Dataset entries
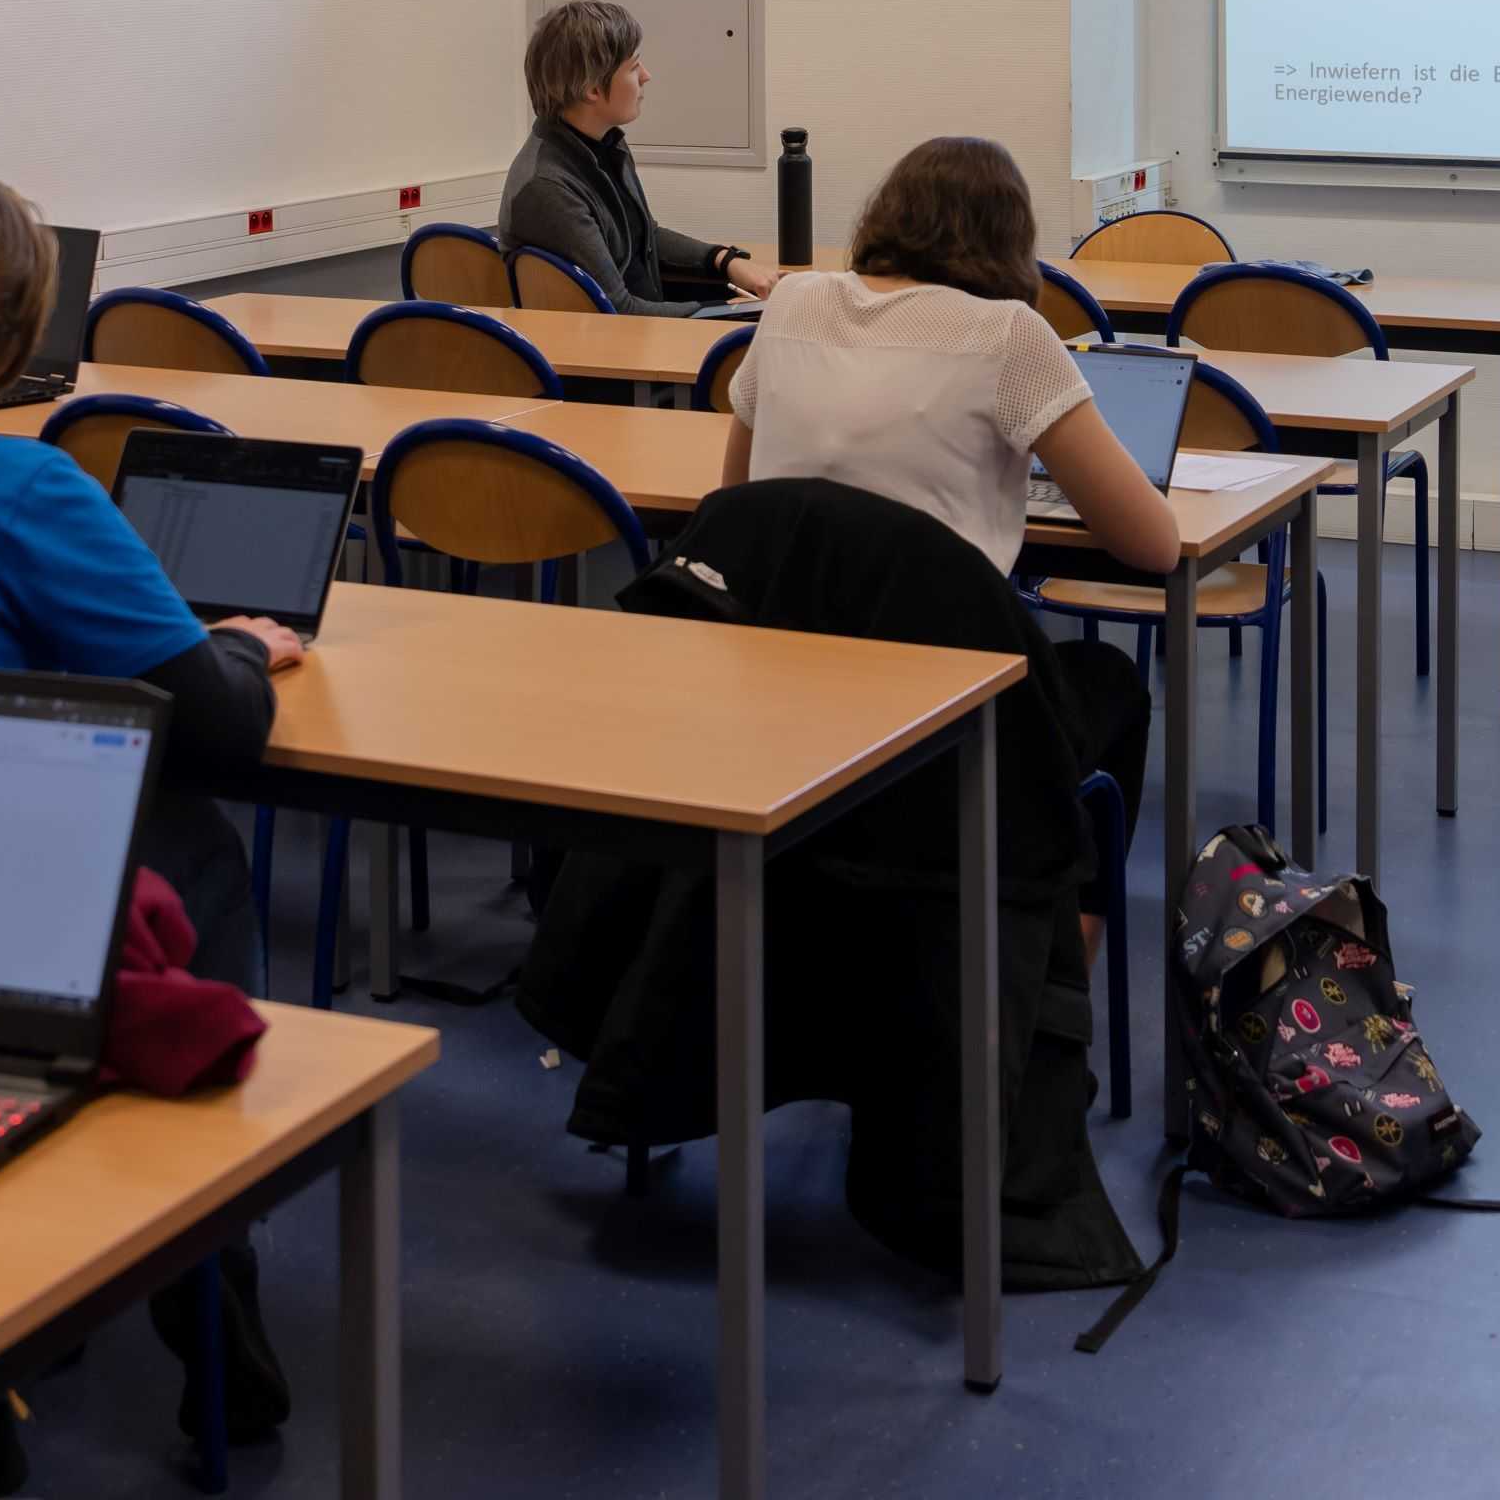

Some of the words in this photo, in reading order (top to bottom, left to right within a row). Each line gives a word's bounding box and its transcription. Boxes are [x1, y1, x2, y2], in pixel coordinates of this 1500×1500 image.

[1310, 61, 1401, 82] Inwiefern
[1413, 63, 1437, 82] ist
[1449, 62, 1480, 83] die
[1275, 83, 1423, 106] Energiewende?
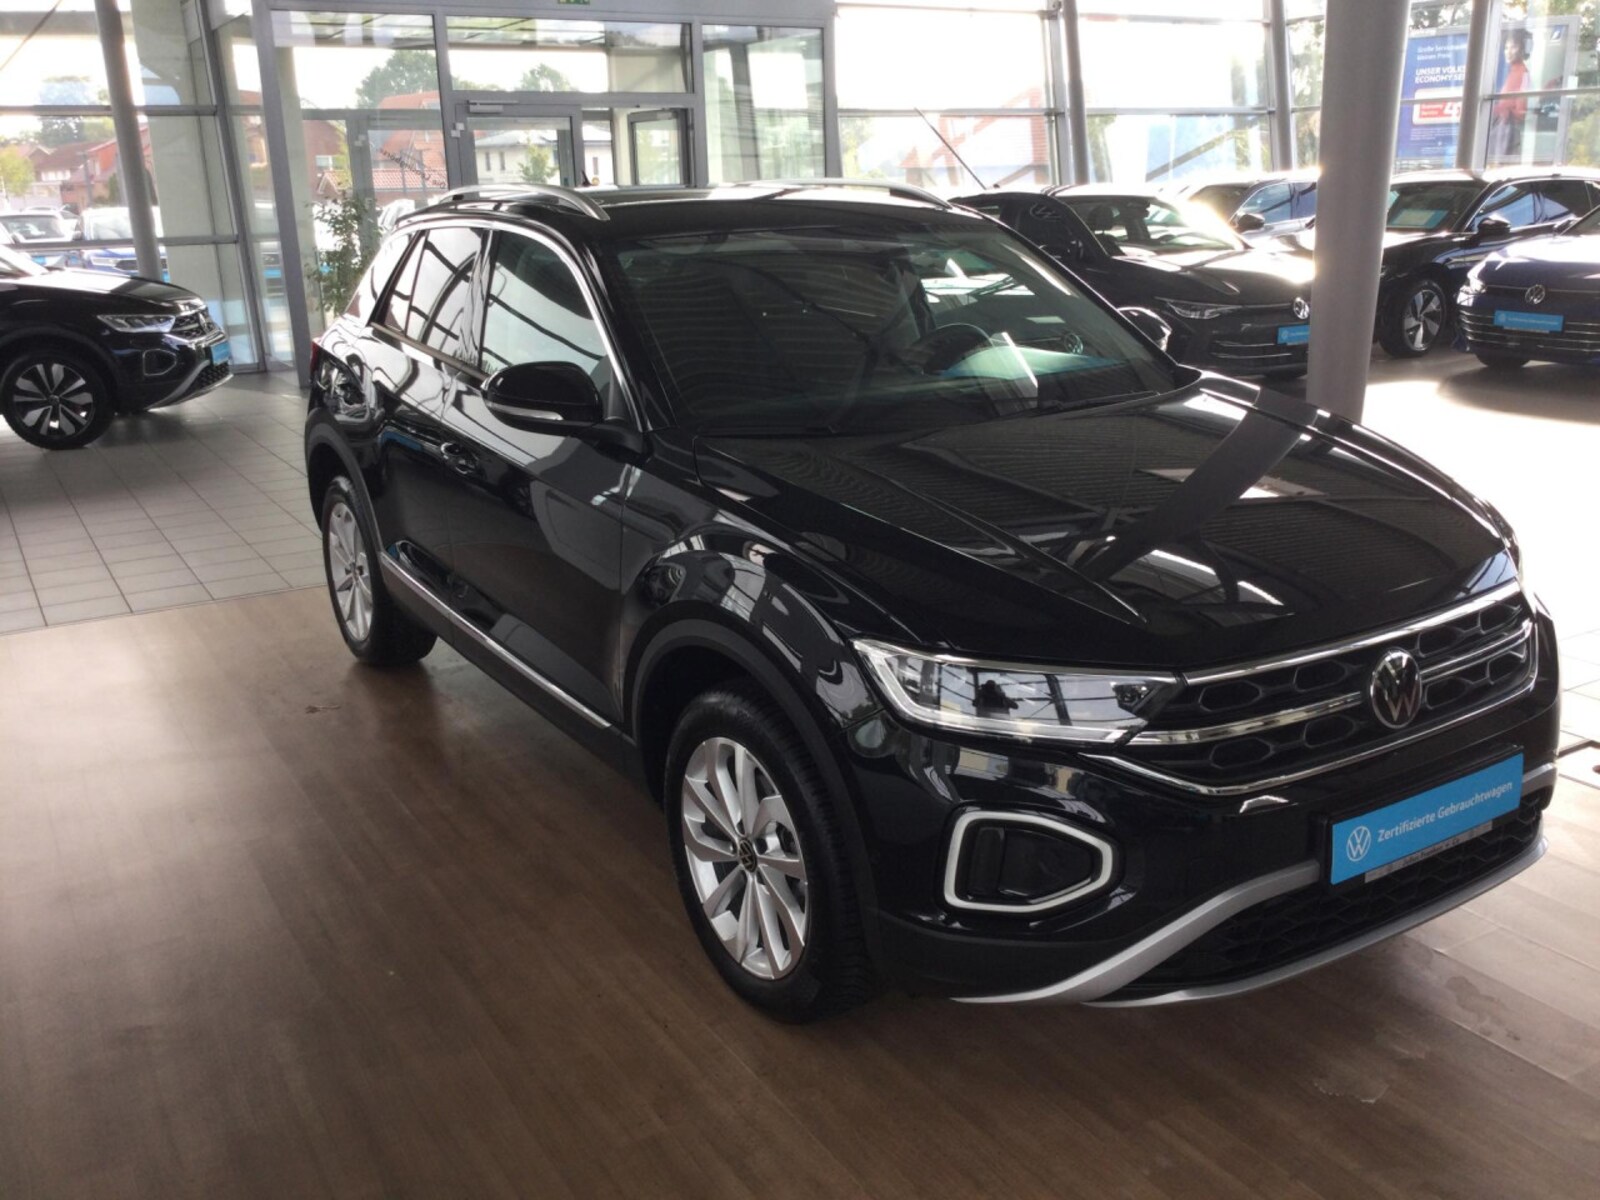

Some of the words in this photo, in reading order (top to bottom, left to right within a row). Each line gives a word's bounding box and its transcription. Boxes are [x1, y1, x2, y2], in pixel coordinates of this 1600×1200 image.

[1415, 67, 1440, 76] UNSER
[1414, 75, 1452, 84] ECONOMY
[1346, 825, 1371, 862] VW
[1377, 811, 1436, 842] Zertifizierte
[1437, 781, 1513, 819] Gebrauchtwagen
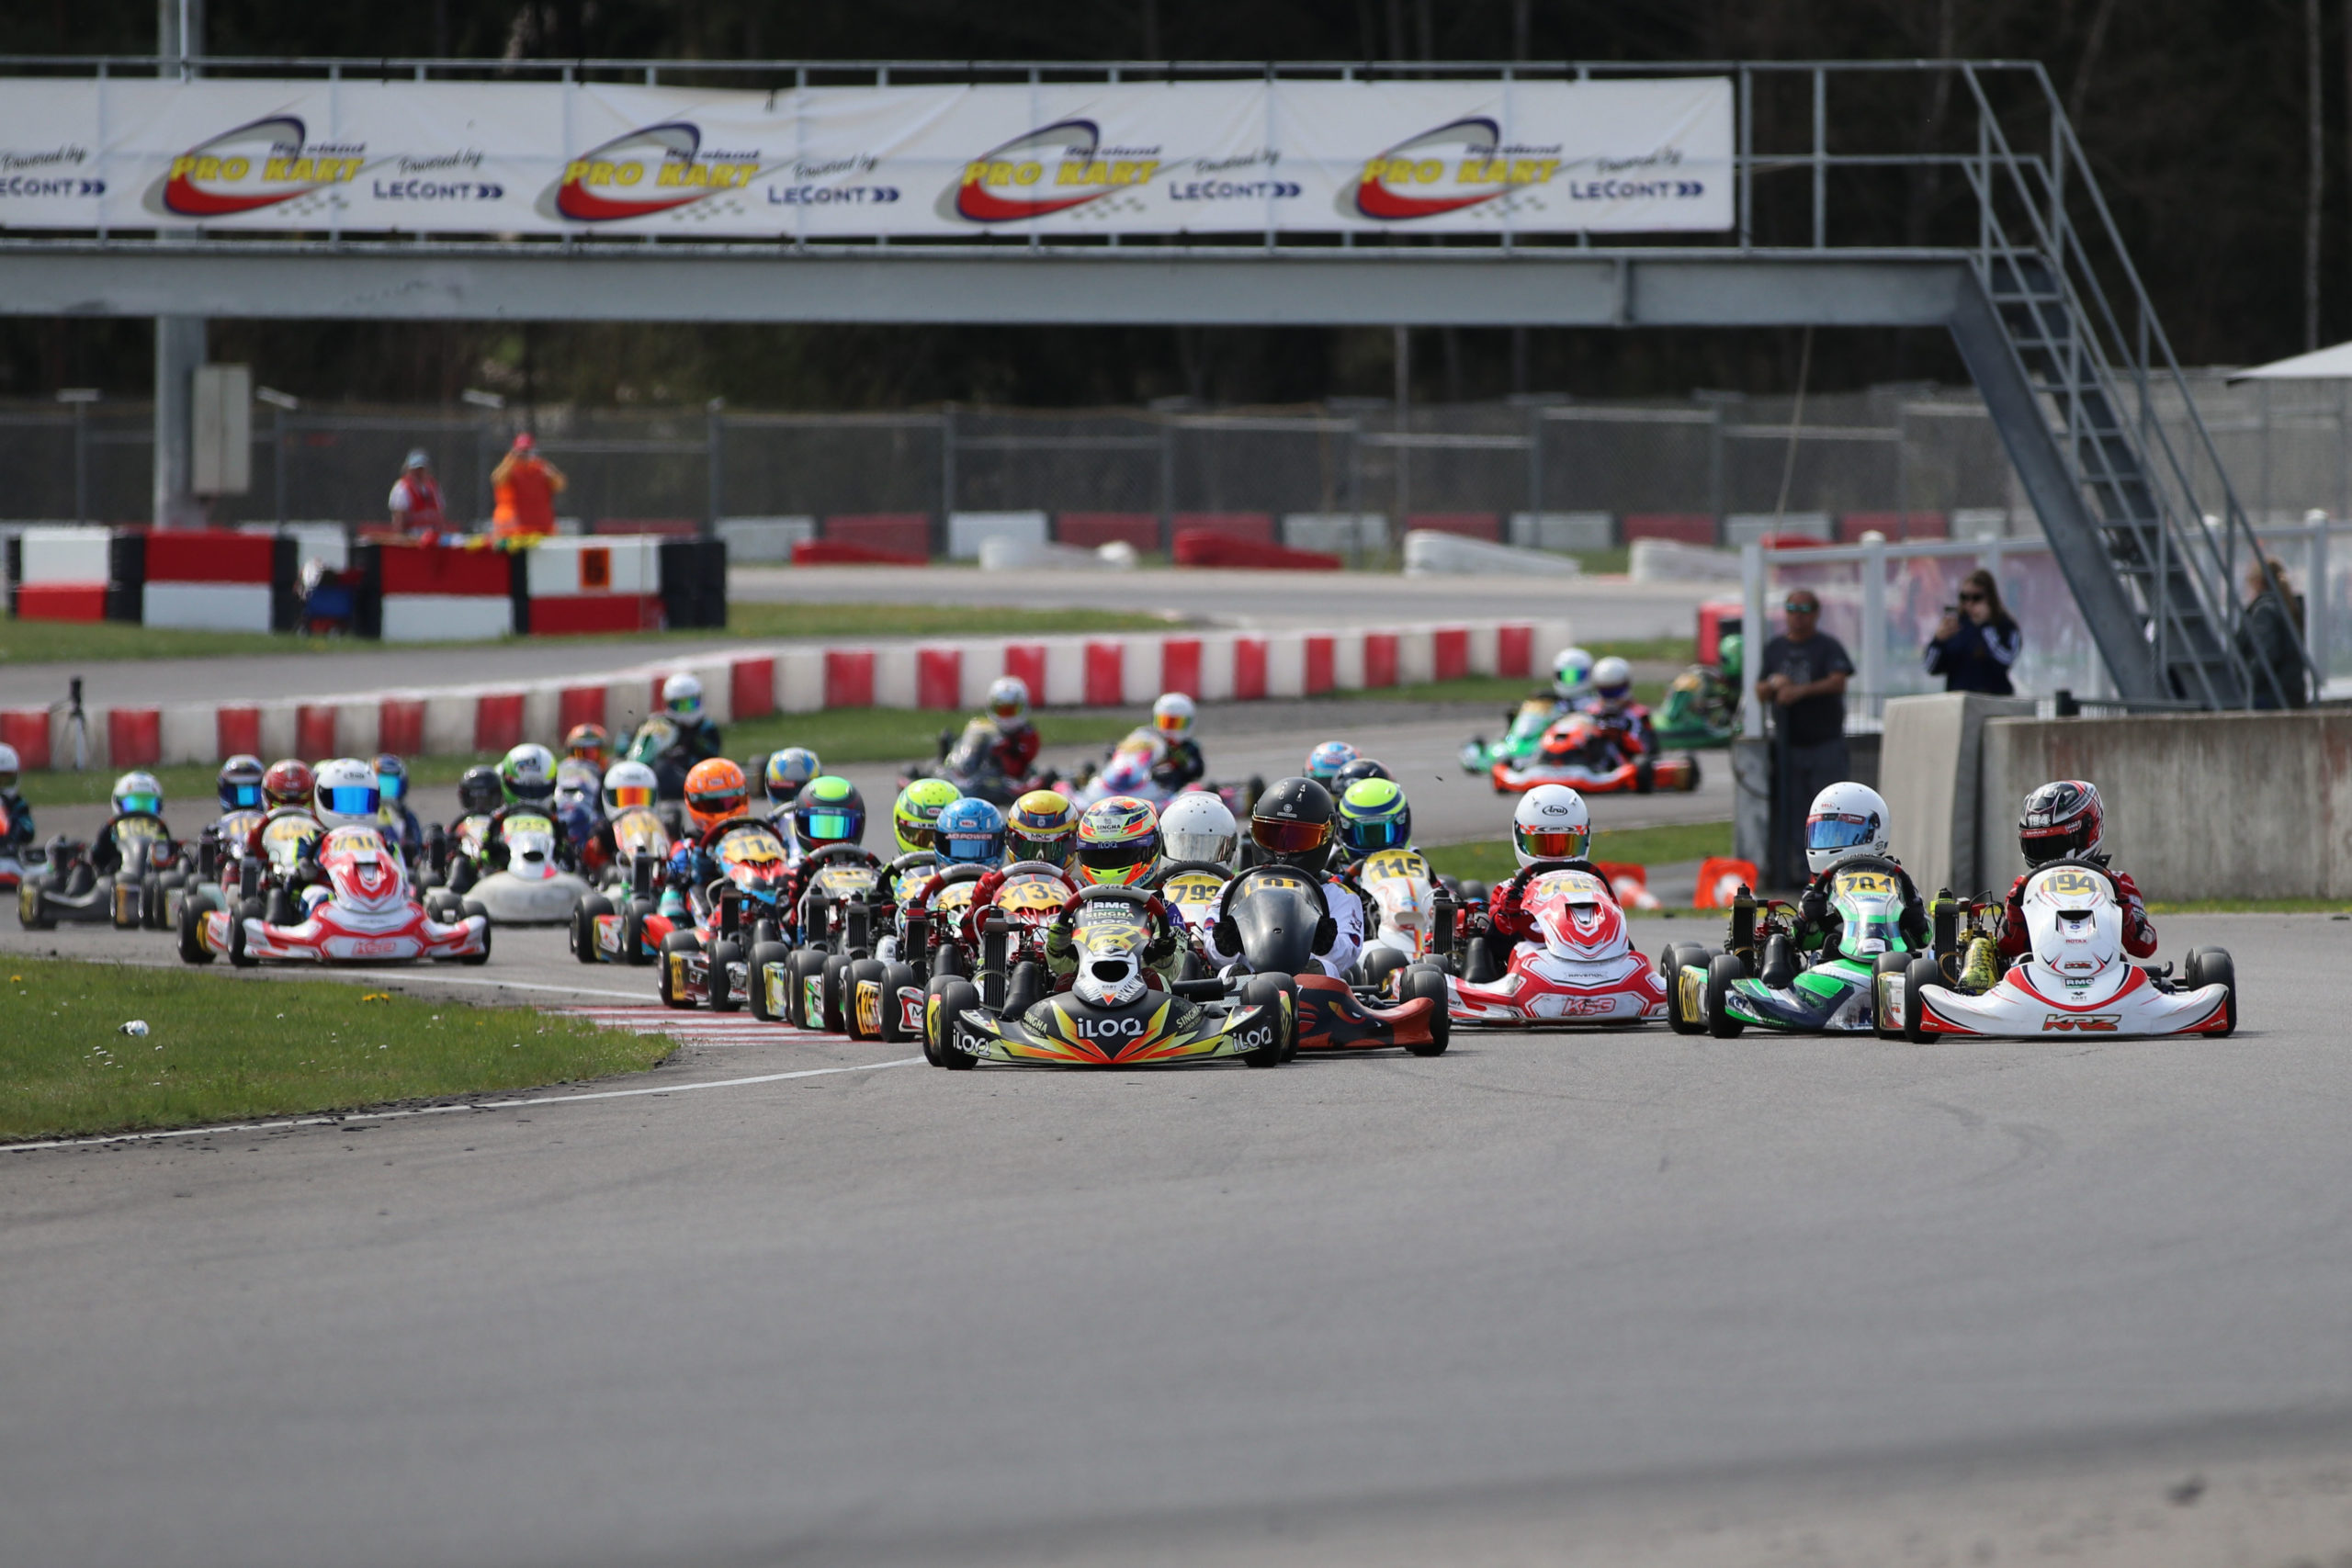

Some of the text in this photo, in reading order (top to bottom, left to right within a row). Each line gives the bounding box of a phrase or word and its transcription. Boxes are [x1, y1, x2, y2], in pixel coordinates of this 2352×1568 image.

YOUR ASSIGNMENT: When you retype the data above, match every line exactly and leave the pictures behind.

YOUR SOLUTION:
Some of the words in this photo, in reading order (top to bottom, left to right within a row). Each line gives a word's bounding box and its transcription. Boxes are [x1, y1, x2, y2], in pixel coordinates of this 1500×1500 image.

[1310, 61, 1401, 82] Inwiefern
[1413, 63, 1437, 82] ist
[1449, 62, 1480, 83] die
[1275, 83, 1423, 106] Energiewende?

Some of the words in this photo, in reading order (top to bottom, left to right within a row). Each line gives a word's bounding box and its transcription. Boxes are [x1, y1, x2, y2], in pixel coordinates of this 1600×1200 image.

[1415, 67, 1440, 76] UNSER
[1414, 75, 1452, 84] ECONOMY
[1346, 825, 1371, 862] VW
[1377, 811, 1436, 842] Zertifizierte
[1437, 781, 1513, 819] Gebrauchtwagen

Some of the text in this photo, in reading order (top to bottom, left to right within a row). Each line gives the bounding box of a phrase or word and its transcription. Boxes are [x1, y1, x2, y2], in pixel coordinates of this 2352×1568 image.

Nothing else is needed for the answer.